Bidding for the EMS project is underway
MONROE, CT — Burlington Construction Co., the project manager for the renovation and addition of the Monroe Volunteer Emergency Medical Service’s headquarters at 54 Jockey Hollow Road, has put the project out to bid in an effort to find the right contractor.
“We’re promoting local businesses to bid on this,” Town Councilman Terry Rooney, who serves as the building committee chairman, told the council at its meeting Monday night.
Rooney said the committee wants the project to be as local as possible. The bids are due by Feb. 16.
Jacunski Humes Architects designed the building renovation and addition. The project has an Inland Wetlands Commission approval and the Planning and Zoning Commission approved a municipal referral from the Town Council.
Over the years, the ambulance service, which shares space at Jockey Hollow Firehouse, has seen an annual call volume increase, from 900 to 1,500 calls.
The EMS, which has between 45 and 50 members, has outgrown its facility, according to EMS Chief Donald Smith, who has said there is no office space and the classroom, which doubles as volunteers’ dining room, is too small. There is no restroom upstairs and there is an unworkable shower on the lower level, so volunteers have to go home to shower and change, according to Smith.
Aside from more space inside the building, the parking lot would be increased from 20 to 64 spaces.
Monroe student makes the grade
Hunter Smith, of Monroe, has been named to the Dean’s List at Providence College for the Fall 2020 semester.
To qualify for the Dean’s List, students must achieve at least a 3.55 grade point average with a minimum of 12 credits. Smith is a member of the class of 2024.
Old Webb no longer a town road
Town Council members voted to accept a certificate from the state to discontinue Old Webb, a.k.a. Old Stationhouse Road, as a town road Monday.
The small gravel road, off to the right of the driveway for Mondo Septic Services and Construction on Monroe Turnpike, was once part of State Highway 145. It used to lead to a bridge that carried traffic over the Halfway River toward Newtown.

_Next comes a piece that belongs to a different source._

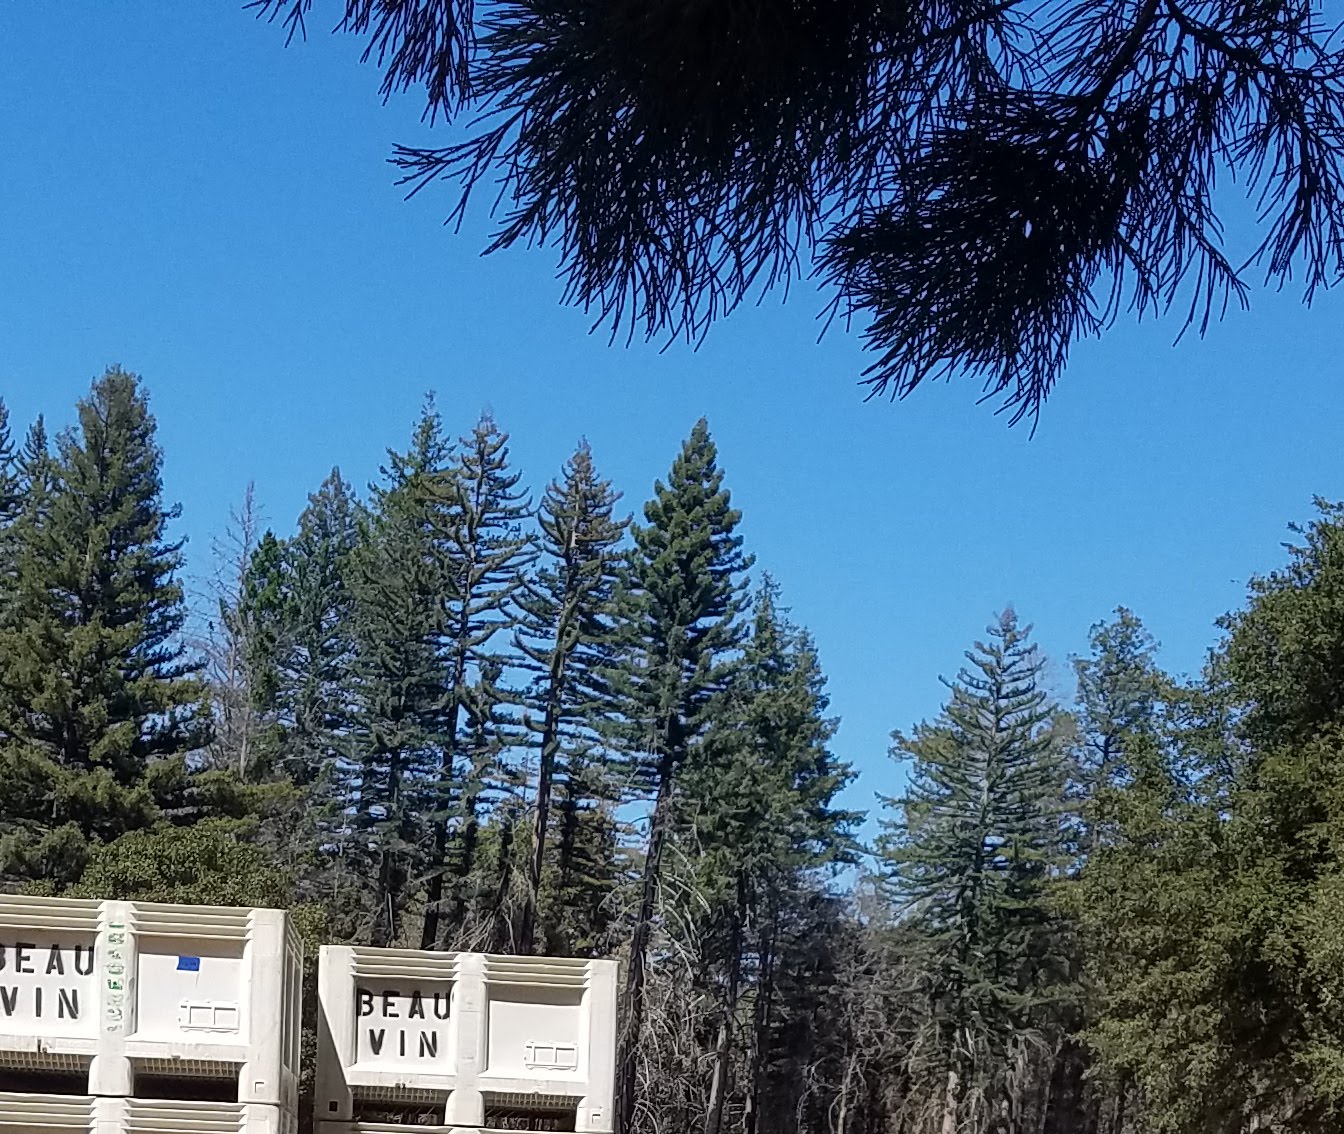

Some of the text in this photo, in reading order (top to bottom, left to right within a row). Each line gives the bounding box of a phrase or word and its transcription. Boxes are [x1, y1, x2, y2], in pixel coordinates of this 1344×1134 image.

[0, 985, 79, 1020] VIN
[356, 987, 451, 1020] BEAU
[368, 1028, 437, 1058] VIN

The town acquired the road around 1930, when it was abandoned by the state after Route 34 was built.
Bruce C. Mondo asked the Town Council to discontinue it as a town road, because it separates his properties at 1603 and 1615 Monroe Turnpike, impairing his ability to develop his land.
The winding road leads to a house owned by William and Geralyn Wiley, both are Stevenson firefighters and William was a past chief. It is the couple’s only access to their home, where they’ve lived since 1976.
The couple did not oppose the discontinuance.
Gift bags for your Valentine
The Monroe Women’s Club will deliver gift bags to town addresses from now through Valentine’s Day, Feb. 14.
Adult/teen bags are $20 and bags for children, age 4-12, are $15 each. All bags contain three to five seasonal items.
For an order form with more details, click here. Checks payable to Monroe Women’s Club c/o Ambar Picon, should be mailed to 31 Wayne Road, Monroe CT 06468.
The deadline for orders is Feb. 12, 2021. For information, call 203-895-3275 or send an email to [email protected].
The Monroe Women’s Club’s Birdseed Bell fundraiser will benefit the Monroe Food Pantry, while feeding local birds over the winter.
Birdseed bells are $15 each and include a whimsical bird ornament for the recipient. The Monroe Women’s Club will deliver the bells to Monroe addresses.
More details are on the order form. The deadline is March 31, 2021. Checks should be made payable to Monroe Women’s Club c/o Veronica Condon and mailed to 9 Stable Ridge Road, Monroe CT 06468.
For information, call 203-331-6662 or send an email to [email protected].
Mishkan Israel food drive
Congregation Mishkan Israel, 77 Mount Pleasant Drive in Trumbull, is seeking volunteers to assemble food packages for distribution to the needy for the Jewish holidays of Purim, Feb. 25-26, and Passover, March 27-April 4.
In a year corresponding to 5781 on the Hebrew calendar, the holidays celebrate the freedom of the ancient Israelites from bondage and commemorate Jewish deliverance. Those wishing to volunteer can contact the congregation at [email protected].
Under the leadership of Rabbi Joseph Torenheim for more than three decades, Mishkan Israel serves the communities of Trumbull, Easton, Fairfield and Monroe, providing spiritual services, youth activities and a summer day camp for children.